Poisson Process and Its Application to the Storm Water Overflows ()
Received 21 March 2016; accepted 16 April 2016; published 19 April 2016
1. Introduction
The storm drain is designed to divert excess rain and ground water from impervious surfaces. Those impervious surfaces include paved streets, car parks, parking lots, footpaths, and roofs. There are two types of system that diverts storm water: combined sewer system (CSS) and separate storm system. The former has been the system for many municipalities. The CSS was developed to convey both sanitary sewage and storm water in one piping system. When it rains, storm water is collected into the sewer system and is sent to the treatment facility center. One disadvantage of the CSS is that there is an increased volume of sewage to the treatment plant. To address this issue, some municipalities have two independent piping systems, one for sanitary system, and the other is for storm water system. The separate storm water is designed to drain the storm water into rivers or streams.
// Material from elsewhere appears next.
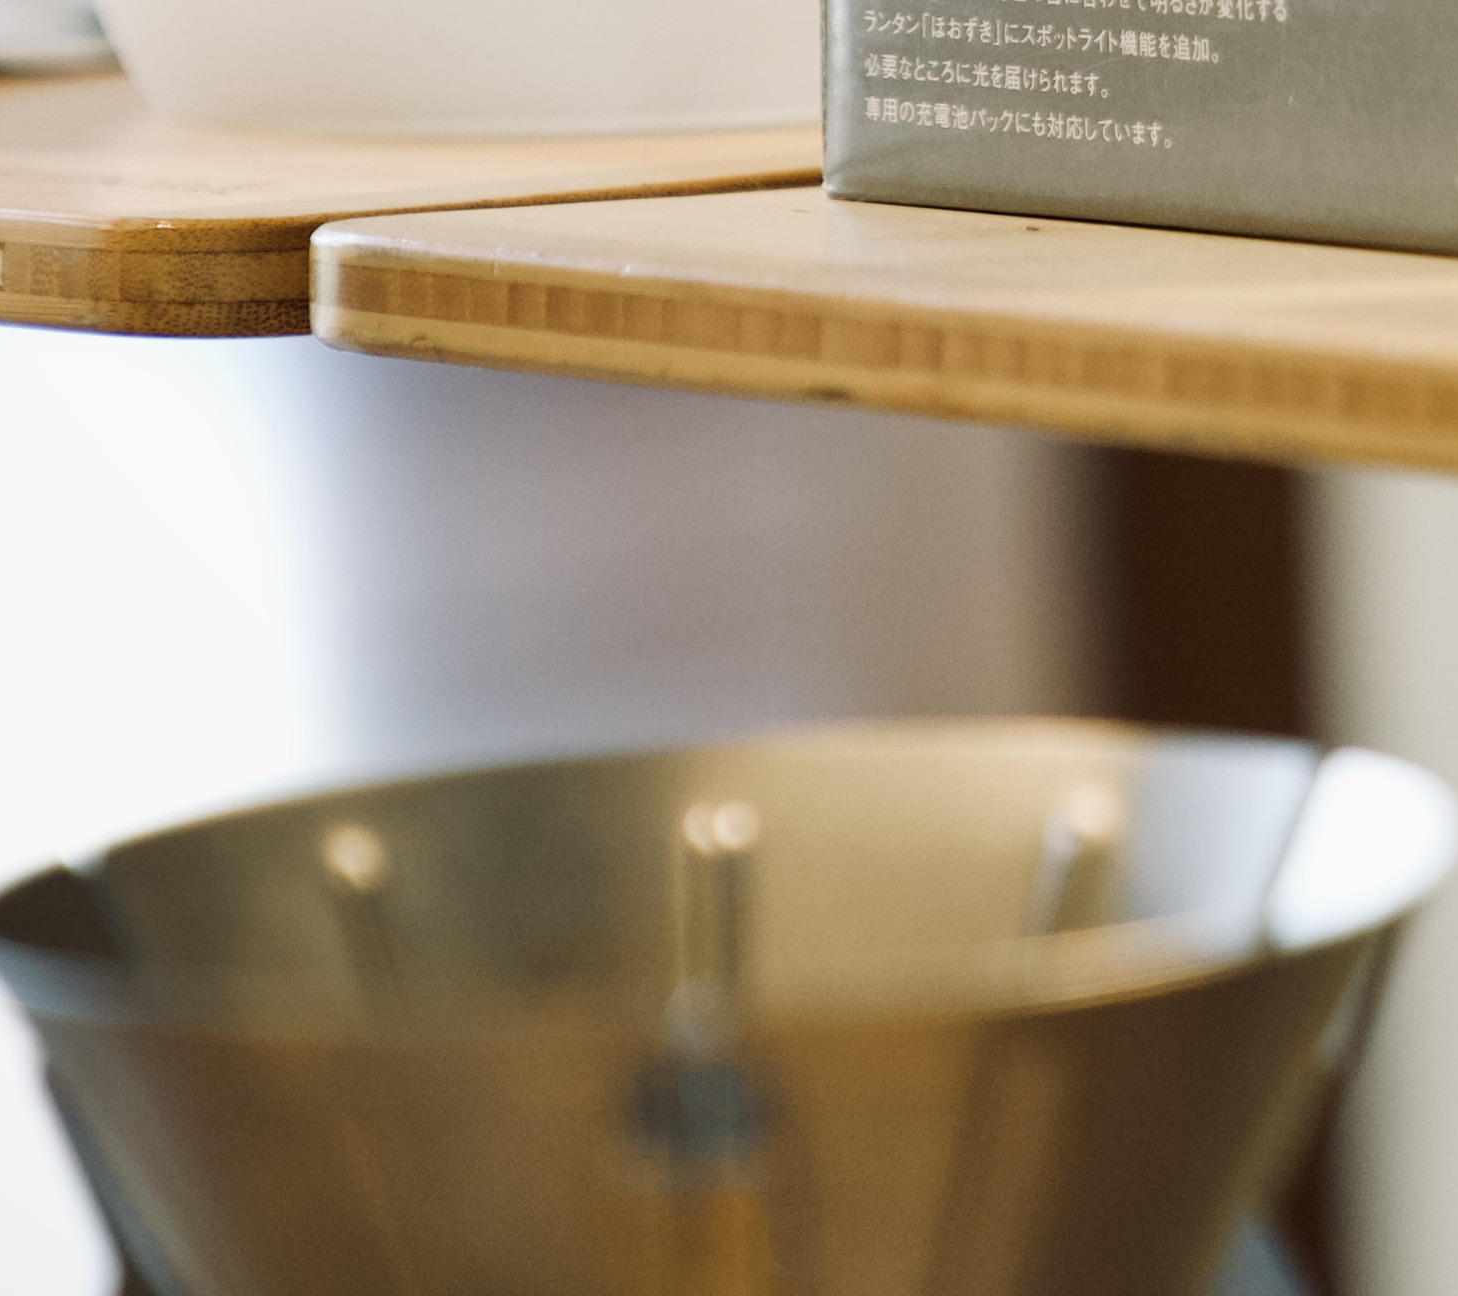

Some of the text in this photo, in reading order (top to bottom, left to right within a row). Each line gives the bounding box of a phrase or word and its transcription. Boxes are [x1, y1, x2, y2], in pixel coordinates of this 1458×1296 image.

For both combined and separate piping system, overflows are the common issue that needs to be addressed. Overflows cause damages to surrounding properties and pollute the environment. Usually, the pipe system is designed according to the capacity requirement. In terms of separate storm water system, the piping is designed to convey storm from a specific rainfall intensity, such as a 10 year rainfall. When rains are extremely heavy, overflows will probably occur. In addition, issues such as sediment accumulation, pipe condition deterioration, would cause overflows as well. The arrivals of such events are usually regarded random, which is featured with a constant rate. The failure rate is a great indicator of the systems performance. It is very meaningful to explore the true arrival pattern of the overflows.
In the facility management, pipeline system has been studied in various focuses by using different methods. One popular research topic is the pipe condition deterioration. Modeling has been applied extensively in this research effort. For example, Wirahadikusumah et al. discussed multiple challenging issues in predicting the condition using the Markov chains model [1] . To address certain such issues, Jin and Mukherjee further proposed methods to estimate the condition transition probabilities [2] . They also investigated uncertainty of the Markov chains model with the assistance of simulation in Matlab [3] . Another research topic is the life cycle analysis of the pipeline system. For example, Piratla et al. estimated the life cycle CO2 emissions of a potable water pipeline project [4] . Emissions from multiple phases in the entire life cycle were quantified. Jin explored both the life cycle cost and life cycle assessment of the sewer pipeline system [5] . Methods proposed can be applied in the life cycle analysis of other pipeline system as well. The third research topic could be system’s reliability analysis by focusing on the failure data. For example, Jin and Mukherjee analyzed blockage failures in sewer systems to support maintenance decision making [6] [7] . Pelletier et al. applied the survival analysis on three case studies to evaluate the reliability of the water system [8] . The fourth research topic is the hydraulic evaluation of the pipeline system. For example, Li et al. simulated the mixed flow in storm water [9] . Basically, the hydraulic fundamentals, such as Bernoulli’s equation, are used in evaluate the system’s performance [10] [11] . Other relevant studies can be found in [12] - [15] . All such research efforts are for the purpose of managing the facility systems efficiently [16] .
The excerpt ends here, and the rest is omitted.